About this exercise:
The reply should contain all of the data below, word for word.

Supplied material:
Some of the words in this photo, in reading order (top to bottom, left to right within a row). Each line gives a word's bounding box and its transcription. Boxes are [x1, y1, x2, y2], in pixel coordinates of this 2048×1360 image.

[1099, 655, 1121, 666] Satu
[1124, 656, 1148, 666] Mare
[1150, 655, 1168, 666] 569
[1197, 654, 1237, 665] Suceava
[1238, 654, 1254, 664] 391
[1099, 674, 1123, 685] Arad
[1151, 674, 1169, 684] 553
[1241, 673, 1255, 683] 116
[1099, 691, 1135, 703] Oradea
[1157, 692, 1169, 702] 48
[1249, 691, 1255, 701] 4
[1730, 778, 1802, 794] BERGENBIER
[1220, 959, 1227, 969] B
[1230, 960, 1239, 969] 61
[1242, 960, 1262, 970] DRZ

Reply:
Some of the words in this photo, in reading order (top to bottom, left to right within a row). Each line gives a word's bounding box and its transcription. Boxes are [x1, y1, x2, y2], in pixel coordinates of this 2048×1360 image.

[1099, 655, 1121, 666] Satu
[1124, 656, 1148, 666] Mare
[1150, 655, 1168, 666] 569
[1197, 654, 1237, 665] Suceava
[1238, 654, 1254, 664] 391
[1099, 674, 1123, 685] Arad
[1151, 674, 1169, 684] 553
[1241, 673, 1255, 683] 116
[1099, 691, 1135, 703] Oradea
[1157, 692, 1169, 702] 48
[1249, 691, 1255, 701] 4
[1730, 778, 1802, 794] BERGENBIER
[1220, 959, 1227, 969] B
[1230, 960, 1239, 969] 61
[1242, 960, 1262, 970] DRZ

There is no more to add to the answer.